An expert system to identify co-regulated gene groups from time-lagged gene clusters using cell cycle expression data

doi:10.1016/j.eswa.2009.07.053

Expert Systems with Applications

Volume 37, Issue 3, 15 March 2010, Pages 2202-2213

https://doi.org/10.1016/j.eswa.2009.07.053 Get rights and content

Abstract

Motivation

The analysis of time series gene expression data can provide us with the opportunity to find co-regulated genes that show a similar expression patterns under a contiguous subset of experimental conditions. However, these co-regulated genes may behave almost independently under other conditions. Furthermore, the similarity in the expression pattern might be time-shifted. In that case, we need to be concerned with grouping genes that share similar expression patterns under a contiguous subset of conditions and where the similarity in expression pattern might have time lags. In addition, to be considered a time-shifted similar pattern, because co-regulated genes in a biological process may show a periodic pattern in their cell cycle expression, we also should group genes with periodic similar patterns over multiple cell cycles. If this is carried out, we can regard such grouped genes as cell-cycle regulated genes.

Results

We propose a method that follows the q-cluster concept [Ji, L., & Tan, K. L. (2005). Identifying time-lagged gene clusters using gene expression data. Bioinformatics, 21(4), 509–516] and further advances this approach towards the identification of cell-cycle regulated genes using cell cycle microarray data. We used our method to cluster a microarray time series of yeast genes to assess the statistically biological significance of the obtained clusters we used the p-value obtained from the hypergeometric distribution. We found that several clusters provided findings suggesting a TF–target relationship. In order to test whether our method could group related genes that other methods have found difficult to group, we compared our method with other measures such as Spearman Rank Correlation and Pearson Correlation. The results of the comparison demonstrate that our method indeed could group known related genes that these measures regard as having only a weak association.

Introduction

DNA microarray technology enables the simultaneous study of gene expression levels on a large scale. Expression level is the logarithm of the abundance of the mRNA of a gene under a specific condition. The gene expression data of a microarray is arranged as a data matrix. Each gene corresponds to one row and each condition to one column. Each element of this matrix represents the expression level of a gene under a specific condition. The conditions of a microarray may be different time points, different environmental conditions or different organs. The analysis of microarray data has facilitated the study of genetic regulatory networks. The correlation patterns of genes with experimental conditions can be used to identify the networks that are comprised of correlated genes and thus how the correlated genes interact with each other.

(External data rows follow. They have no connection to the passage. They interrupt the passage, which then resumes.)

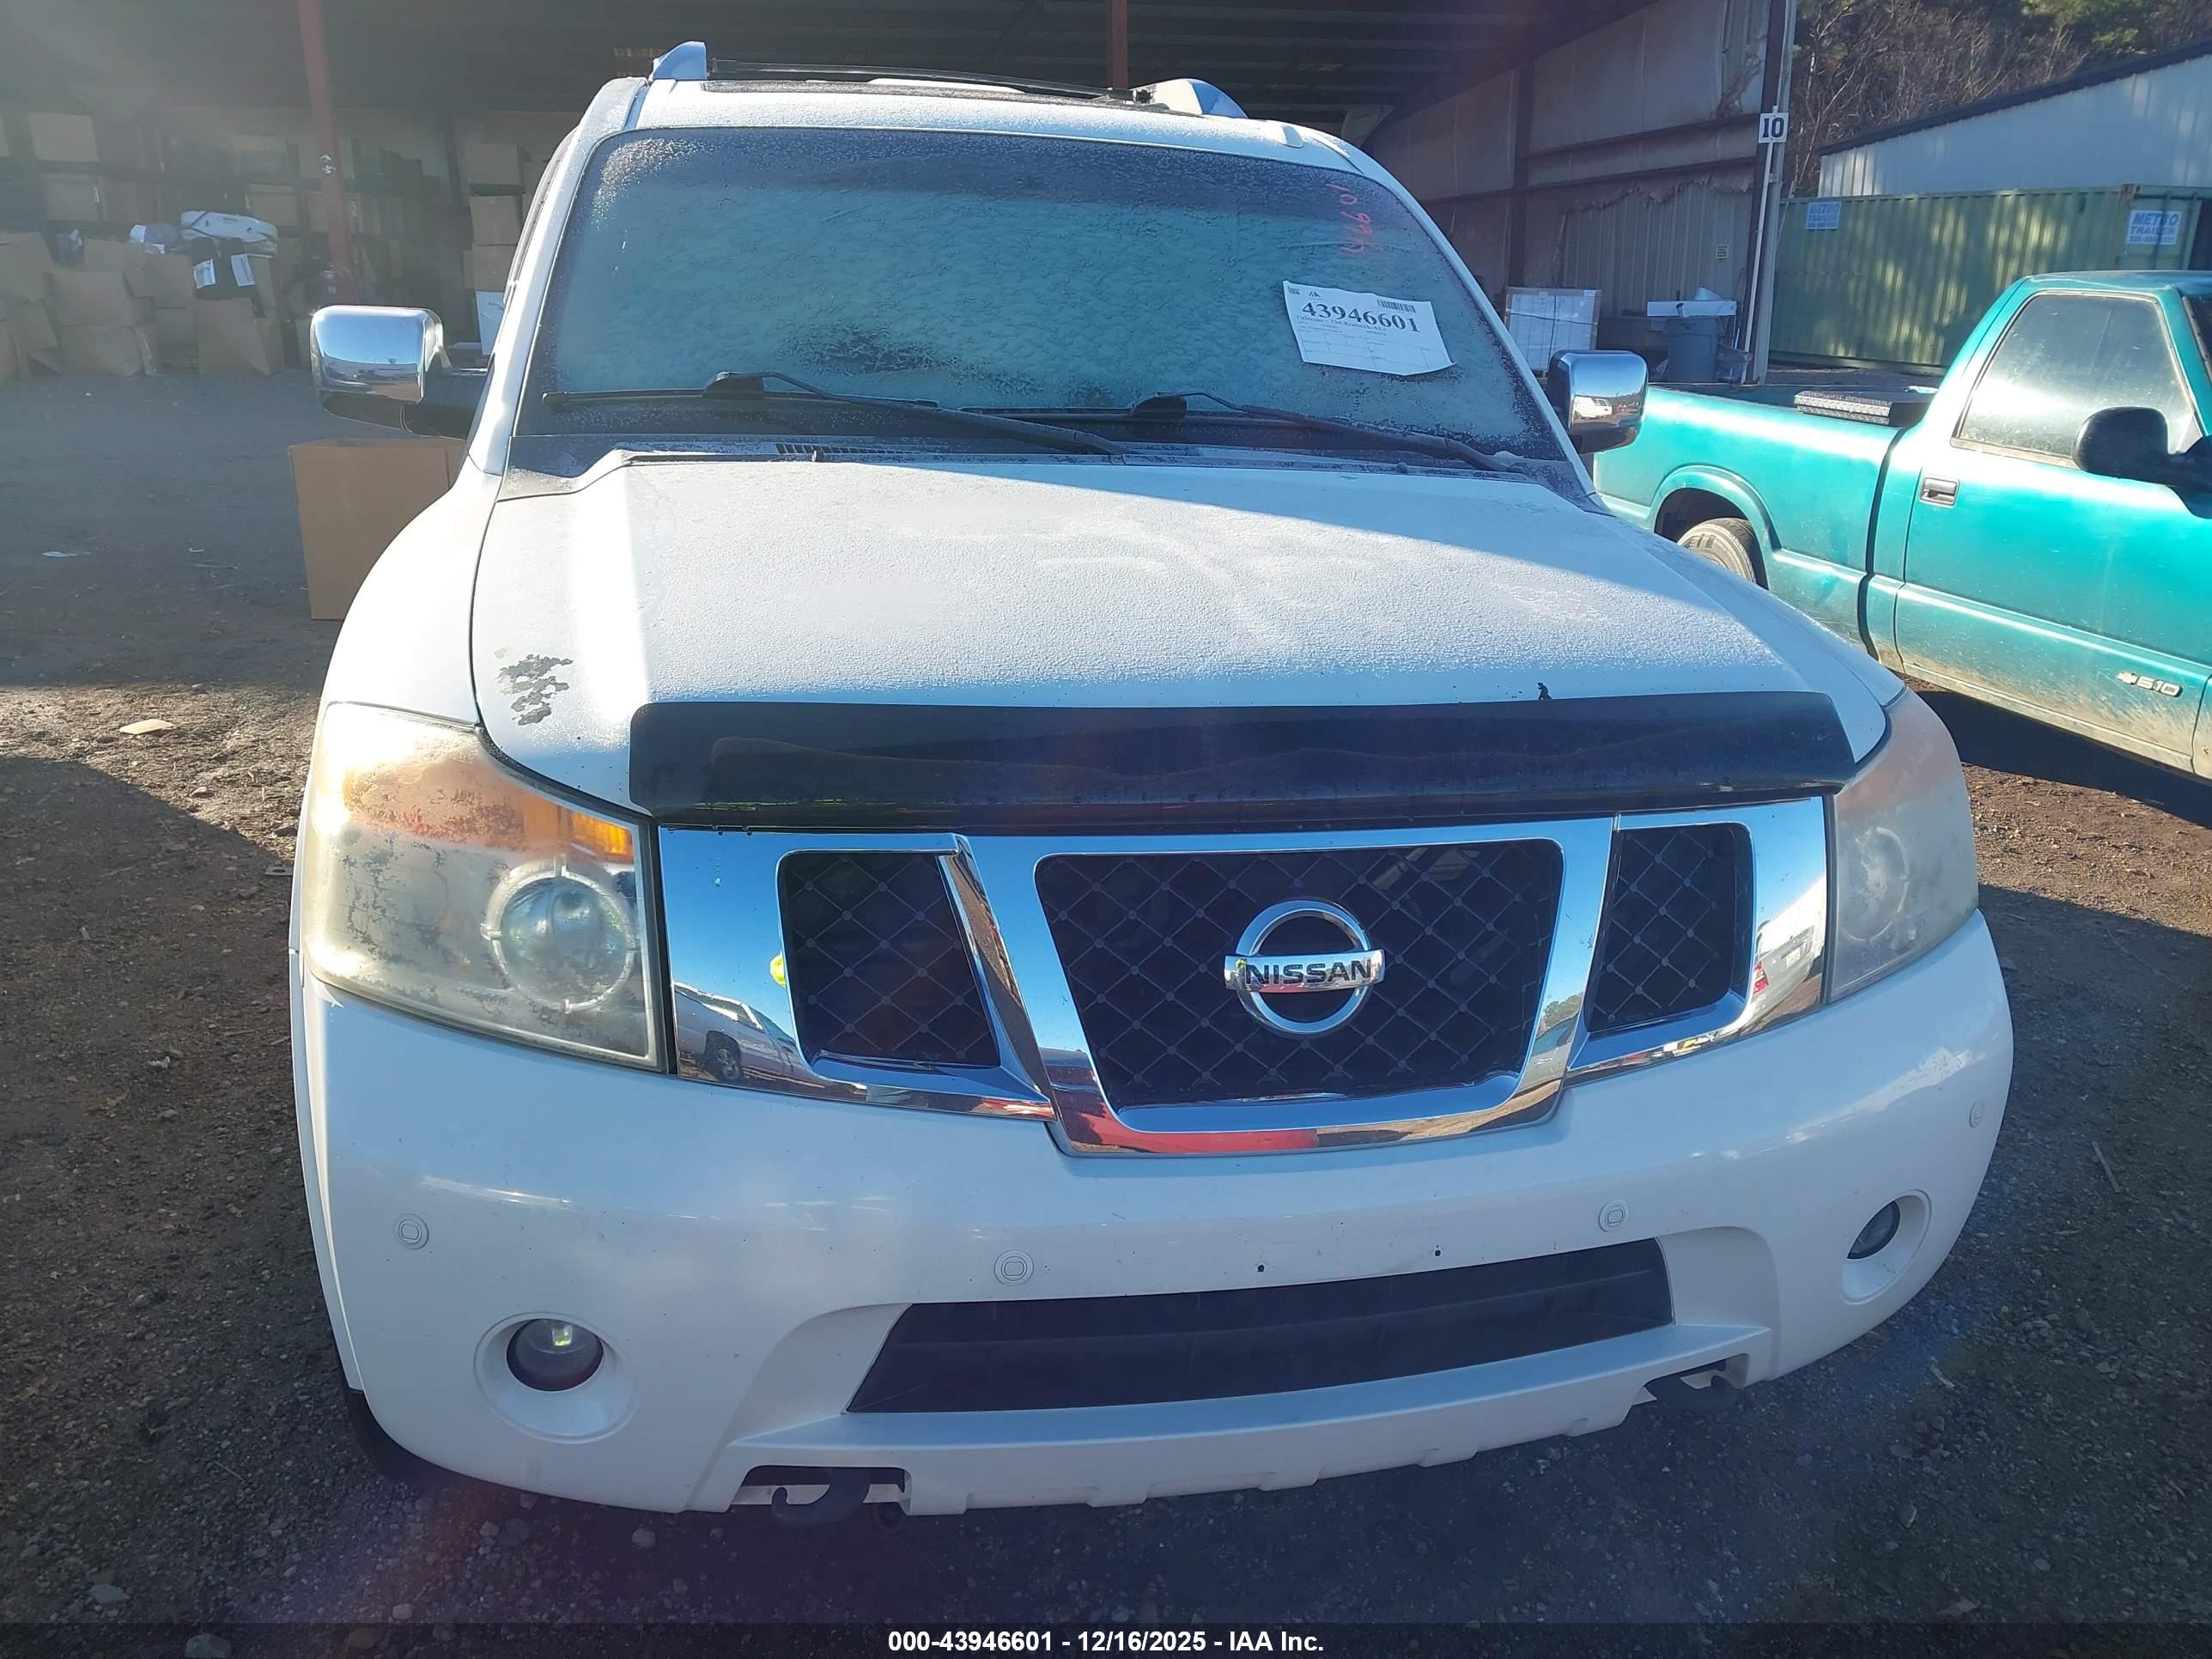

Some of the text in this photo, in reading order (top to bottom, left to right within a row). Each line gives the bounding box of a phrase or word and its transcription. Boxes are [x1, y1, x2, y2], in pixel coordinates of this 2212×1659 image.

[1763, 117, 1784, 138] 10
[1302, 302, 1421, 332] 43946601
[1246, 958, 1371, 985] NISSAN
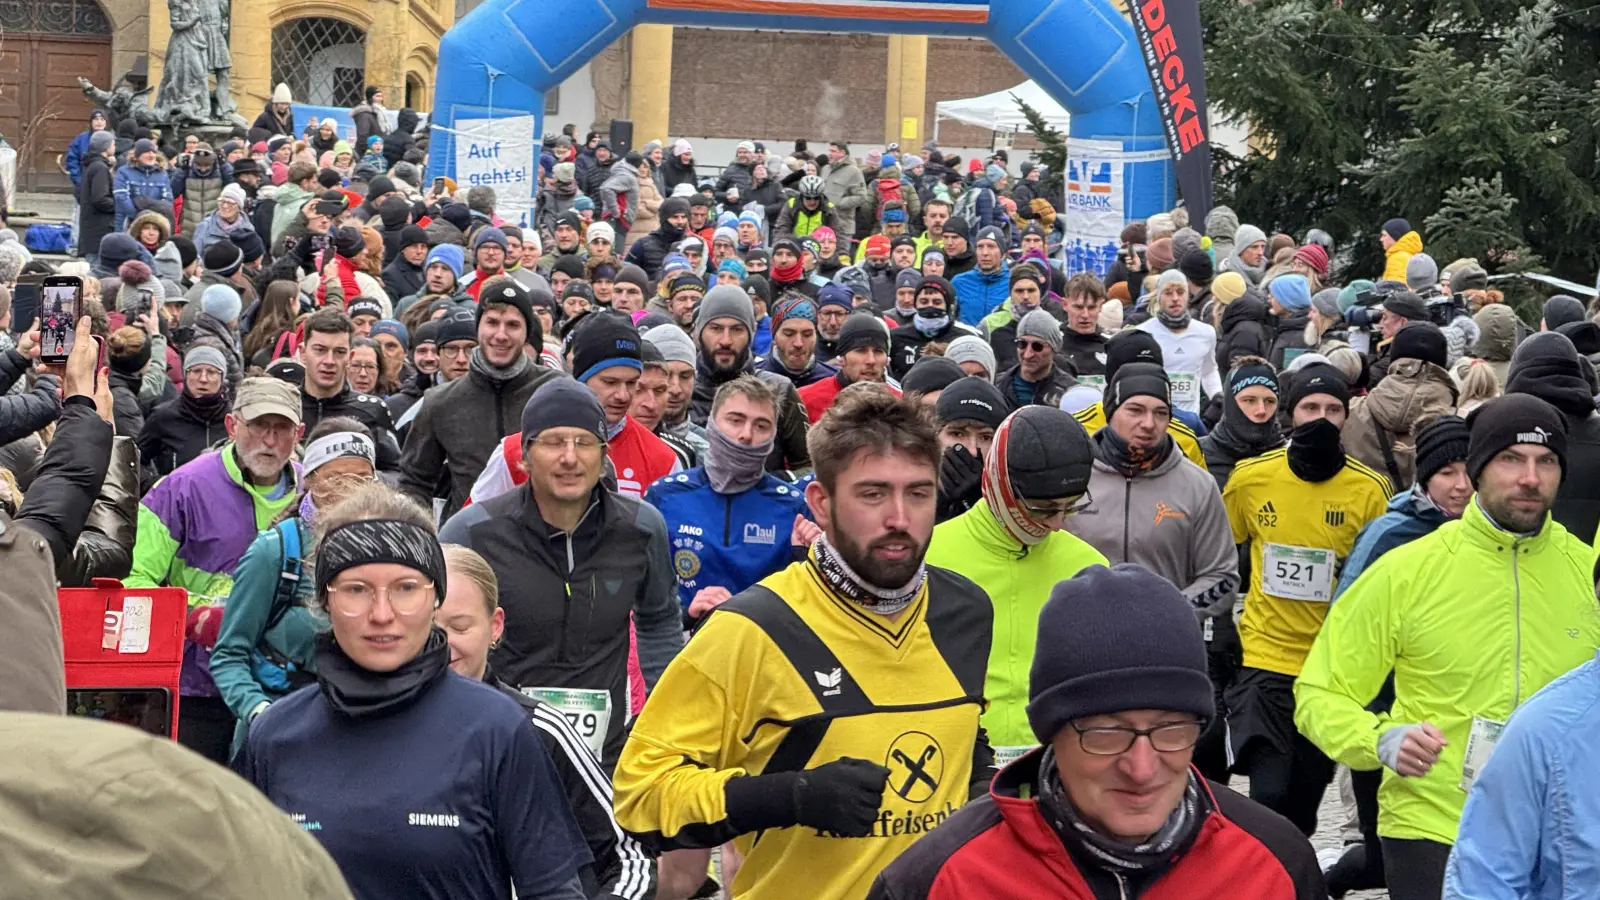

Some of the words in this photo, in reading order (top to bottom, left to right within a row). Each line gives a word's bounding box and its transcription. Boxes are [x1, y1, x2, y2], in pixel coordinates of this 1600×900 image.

[468, 141, 501, 159] Auf
[1079, 194, 1112, 208] BANK
[1516, 431, 1544, 444] PUMA
[1257, 513, 1278, 528] PS2
[678, 524, 703, 537] JAKO
[743, 522, 776, 545] Maul
[1275, 561, 1314, 582] 521
[408, 812, 460, 828] SIEMENS
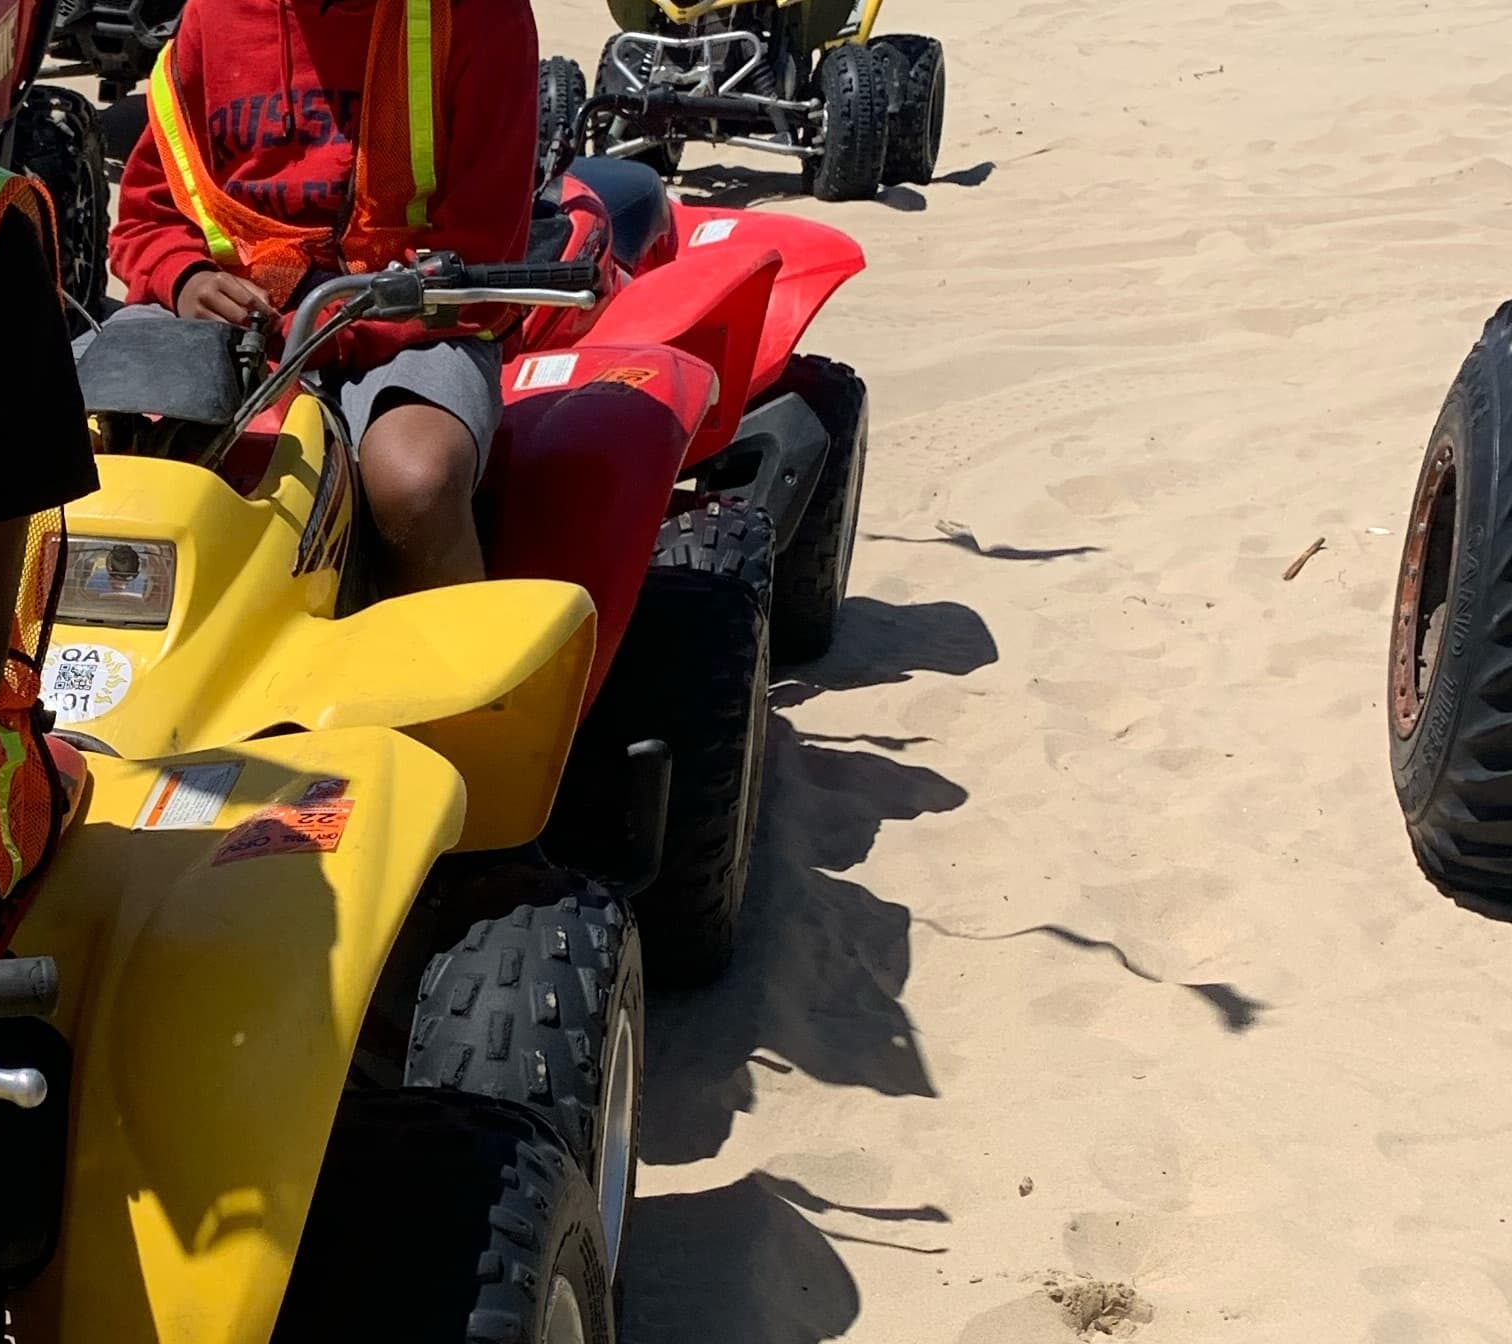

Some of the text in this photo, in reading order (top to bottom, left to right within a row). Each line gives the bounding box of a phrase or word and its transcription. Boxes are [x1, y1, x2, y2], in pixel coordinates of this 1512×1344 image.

[209, 89, 361, 171] RUSSE
[61, 648, 100, 663] QA
[298, 812, 335, 824] 22
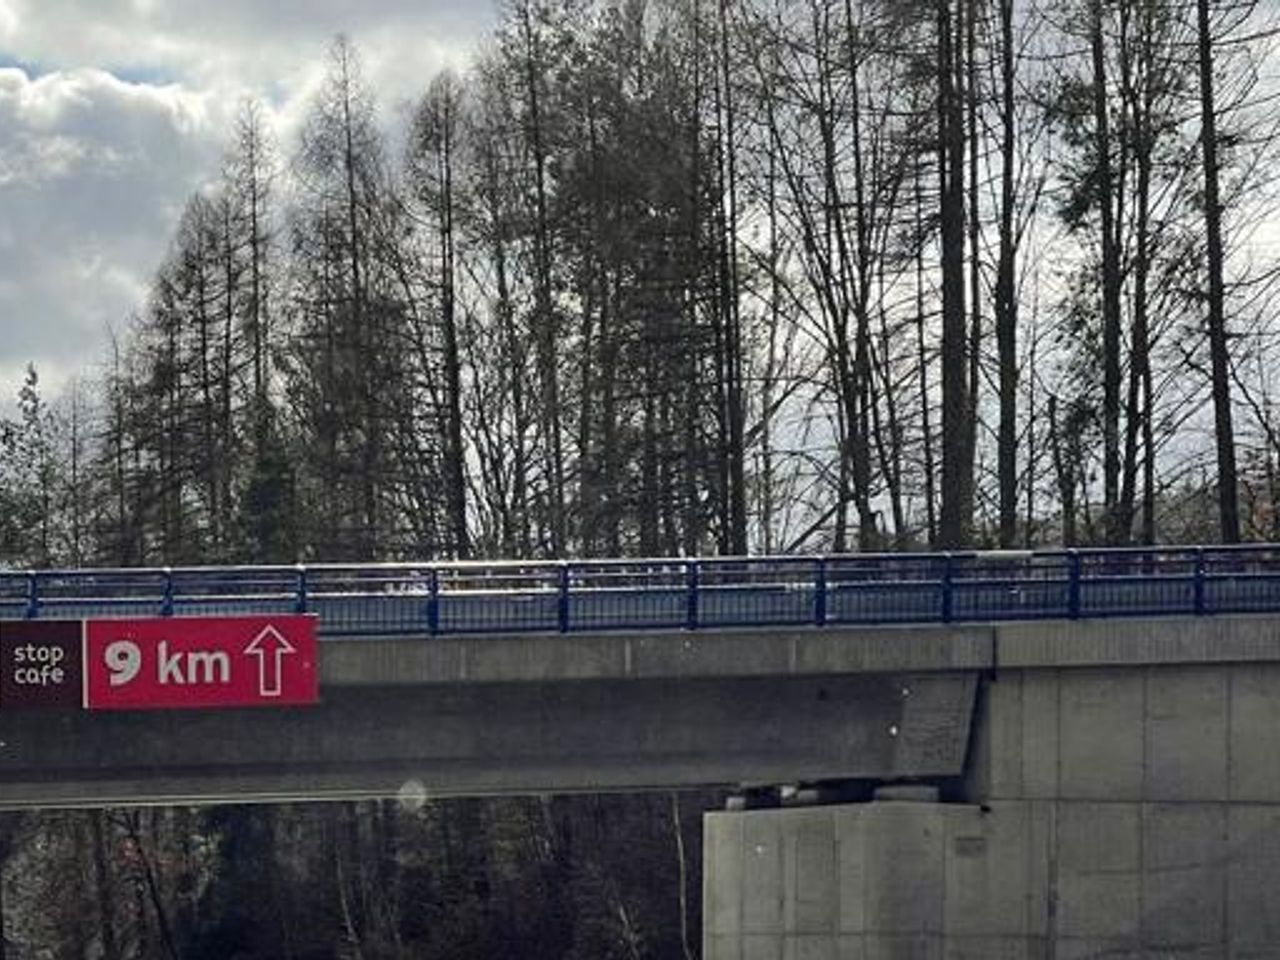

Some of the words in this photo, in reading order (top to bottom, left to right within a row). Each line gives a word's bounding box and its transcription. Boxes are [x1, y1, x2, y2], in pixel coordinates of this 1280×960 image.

[14, 643, 64, 666] stop
[105, 640, 141, 687] 9
[158, 640, 230, 684] km
[14, 664, 65, 686] cafe

Clustering methods can be applied to either the genes or the conditions of the microarray matrix separately. However, some problems occur when applying clustering to the analysis of gene expression data. A set of genes may simultaneously activate a particular biological process over certain contiguous conditions but behave independently under other condition. Therefore, we need to group genes that have similar behavior under a specific subset of the conditions. Clustering can not satisfy this requirement. The biclustering method is a technique that makes this possible and allows the grouping of genes and conditions simultaneously within a data matrix. The goal of biclustering is to find a bicluster that is a subset of genes that show similar behavior under a specific subset of the conditions (Cheng & Church, 2000). Thus, genes in the same bicluster are co-expressed and further are likely to be co-regulated.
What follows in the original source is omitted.